The art school isn't just a haven of upper-middle-class kids; the director tells us early in the movie that many of the students are there on scholarships. I loved the initial shots of the school, of the black kids playing classical music on violins in the hallway, of random Asian, Hispanic, and black faces everywhere.

I wasn't sure why they decided to make Tyler white though. It reminds me a great deal of the Eminem phenomenom described in Everything But the Burden; how white artists are the ones most recognized and respected for black cultural achievements (in this case, hip hop). There were many black secondary characters; actually, the majority of the non-main-characters were black. Nora's best friend is black, as is her best friend's romantic interest, as is Tyler's best friend.

Again, I can't tell if Nora was meant to be seen as Hispanic or as white. If it is as white, then there's the standard problem in which there's a very, very multi-cultural, multi-racial background, as shown in all the scenes (or a black background), but the main characters are still white. You have obvious POC as secondary characters, but not as the main characters. If she is meant to be read as Hispanic, I keep wondering why the other multi-racial dance movies I've seen (Dirty Dancing: Havana Nights, Save the Last Dance) perpetually have a mixed-race couple in which one of them is always white. It's particularly interesting because all three of these movies have a sort of integration of classic dance (be it ballroom or ballet) with a more "ethnic" dance, in which the hybrid gains mainstream acceptance. (I think... It's been a while since I've seen the other two.)

And the thing is, I'm sure there are all-black or all-POC dancing movies out there, but I haven't seen them because I subconsciously thought they were too black, the way I used to habitually pass over the African-American Literature section at Borders (their label, not mine).

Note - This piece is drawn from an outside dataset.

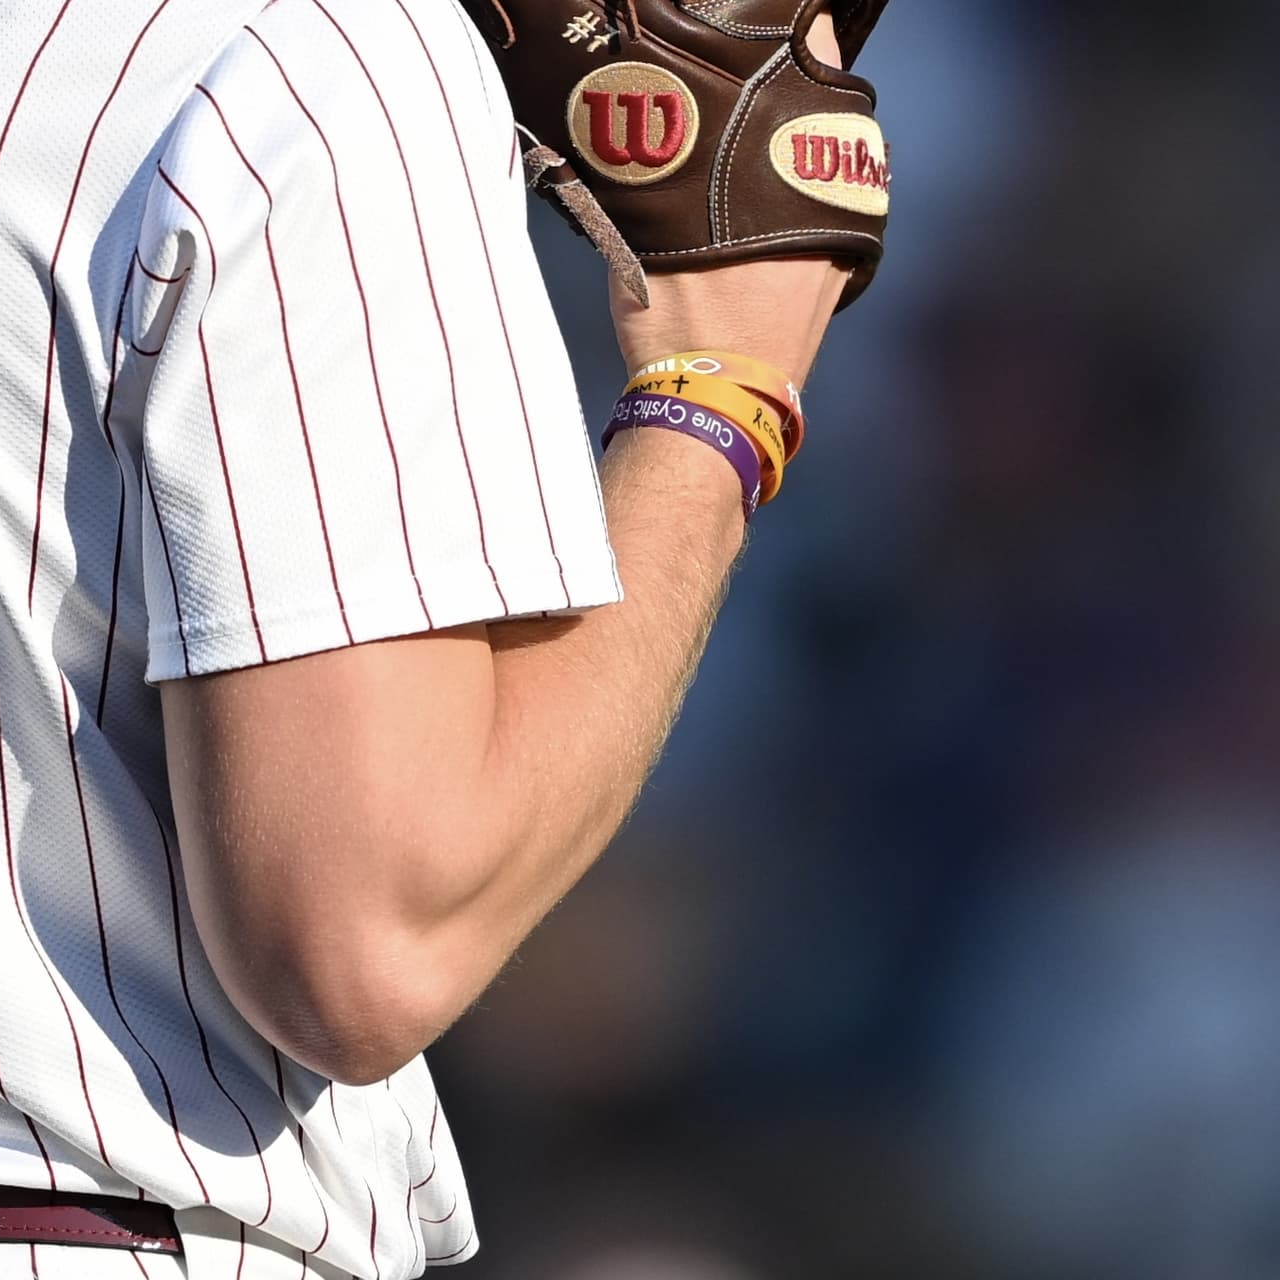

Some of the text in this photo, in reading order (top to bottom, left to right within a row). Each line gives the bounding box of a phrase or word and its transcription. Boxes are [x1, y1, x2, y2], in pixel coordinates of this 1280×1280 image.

[582, 90, 688, 169] W
[633, 398, 686, 424] Cystic
[691, 412, 733, 448] Cure

So, no real conclusion from me, just musing.

(no subject)

Wed, Aug. 23rd, 2006 07:08 am (UTC)
Posted by [identity profile] pinkdormouse.livejournal.com
And yet I don't identify with characters that are physically like me in terms of skin colour or anything else. I identify with the character that looks like someone I knew in real life that I thought was cool (hence the geeky mechanics (I just remembered Kaylee who is white and female, and so broadened the group) and my thing for characters of South Asian descent with strong Midlands, Northern or Scottish accents -- and Naveen Andrews' characters because something about him reminds me of my Brummie sort-of-ex).

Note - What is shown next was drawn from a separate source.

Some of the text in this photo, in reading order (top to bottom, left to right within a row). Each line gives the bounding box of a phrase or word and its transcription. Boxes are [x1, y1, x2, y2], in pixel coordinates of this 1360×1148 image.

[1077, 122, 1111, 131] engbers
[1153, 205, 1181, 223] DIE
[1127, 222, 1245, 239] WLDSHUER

Does your average straight, white guy really have problems identifying with someone not like him? Asking especially because of the two nearest example I know personally one cites My Beautiful Laundrette as a good film he ought to rewatch soon, and the other is writing some very odd literature about gay rock stars. So no decent basis for proving a point there, I don't think.

(no subject)

Wed, Aug. 23rd, 2006 09:21 pm (UTC)
Posted by [identity profile] pinkdormouse.livejournal.com
No need to apologise, I was just trying to look at the problem from a different angle. Like if we can't instantly bludgeon *whoever* into making films for and about someone other than this mythical straight white male target audience, then how about convincing them that their mythical target audience might want to watch films about people different to themselves?

Not that I know how to get them to make that leap, but it's an interesting thought experiment.